Aller au contenu

Page:Regnaud - Le Rig-Véda et les origines de la mythologie indo-européenne, 1892.djvu/17

La bibliothèque libre.
Le texte de cette page a été corrigé et est conforme au fac-similé.

Le caractère exclusivement concret du vocabulaire védique est le sûr indice de l’état intellectuel de ceux qui s’en servaient ; s’ils étaient dépourvus de termes pour exprimer l’idéal, c’est que leur esprit ne connaissait que le réel et ne se préoccupait que du réel. Ni l’abstrait ni le mythe ne doivent intervenir dans l’analyse que nous faisons de leurs idées. La langue des hymnes, presque toute en adjectifs, ne visé que des objets sensibles, et c’est en ne l’oubliant jamais que nous avons le plus de chance de bien la comprendre.

Autant elle est descriptive et pittoresque, autant sont peu nombreux les objets qu’elle concerne, mais autant aussi elle use d’expressions différentes, d’images multipliées et de métaphores sans nombre peur en varier la peinture.
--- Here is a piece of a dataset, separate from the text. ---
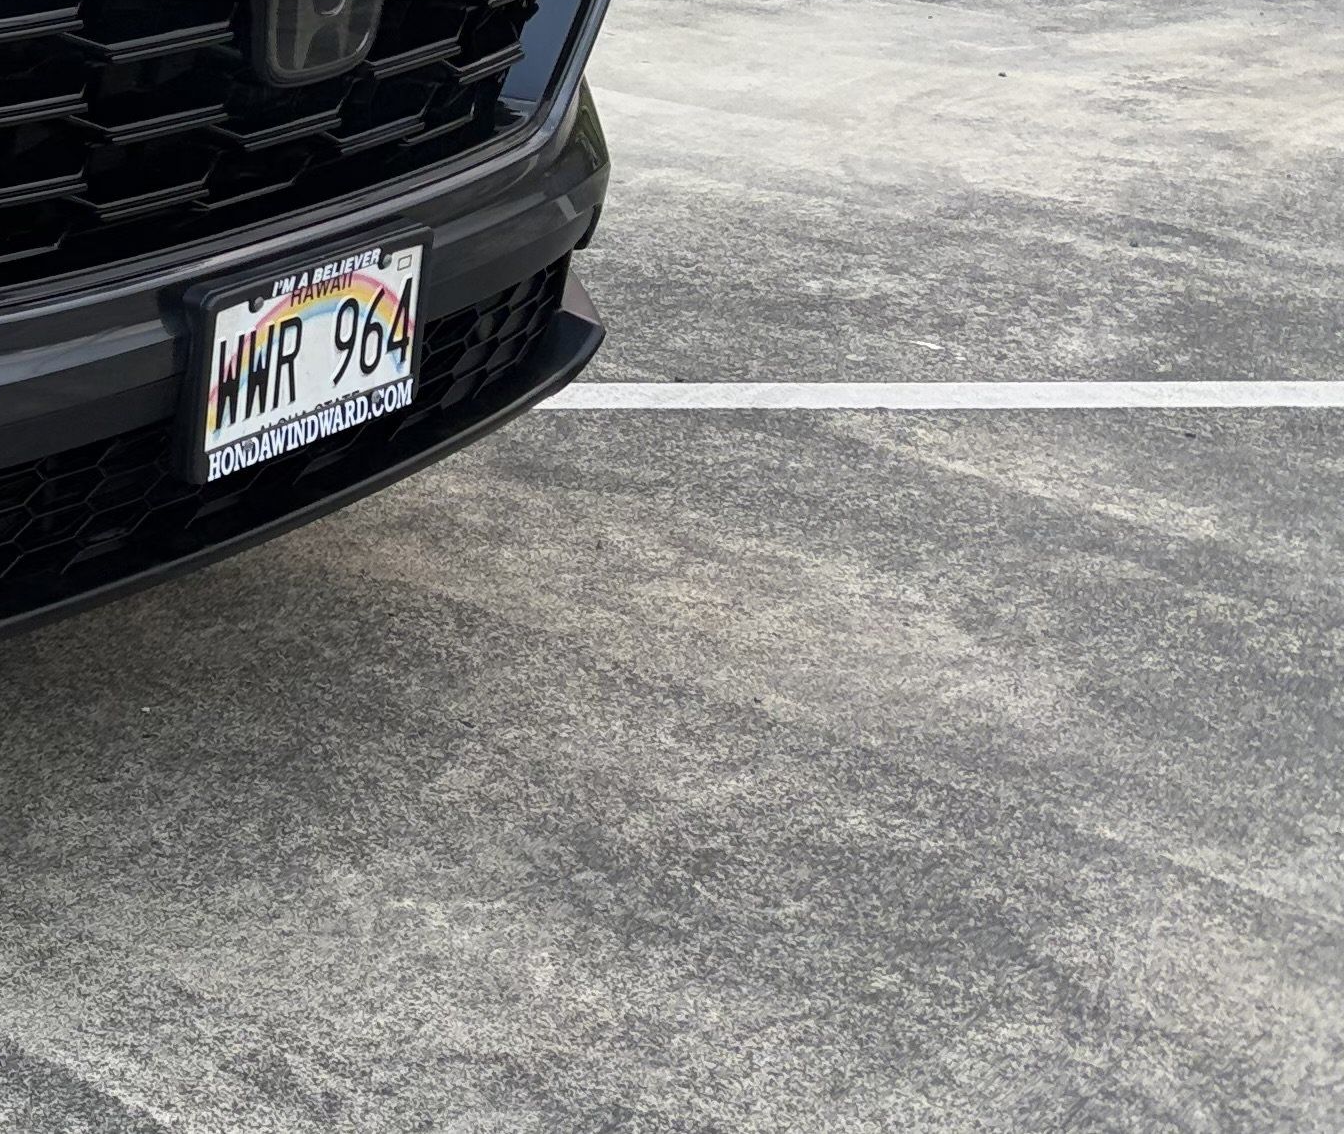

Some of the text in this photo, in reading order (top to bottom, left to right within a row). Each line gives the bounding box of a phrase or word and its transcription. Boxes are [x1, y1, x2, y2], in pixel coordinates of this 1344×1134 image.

[272, 248, 381, 298] I'M A BELIEVER
[290, 272, 353, 307] HAWAII
[215, 273, 413, 431] WWR 964
[207, 379, 414, 482] HONDAWINDWARD.COM
Tout ou presque tout dans le Rig Véda se rapporte au sacrifice consistant dans l’élément liquide et l’élément igné qui lui donnent naissance. Ou, plutôt, les sacrificateurs-poètes ne voient que la libation, soit sous sa forme première, soit à l’état mixte où elle est à la fois coulante et allumée, soit dans la métamorphose qui la change en flamme ; autrement dit, ils célèbrent sans cesse Sonia destiné à devenir Agni, Soma-Agni qui participe de celui-ci et de celui-là, ou Agni, autre nom de Soma transformé. Mais que d’appellations diverses, que d’épithètes, que de synonymes, que de périphrases, que de comparaisons, que de formules énigmatiques ou paradoxales pour multiplier à l’infini les désignations de l’objet unique et changeant de leur culte !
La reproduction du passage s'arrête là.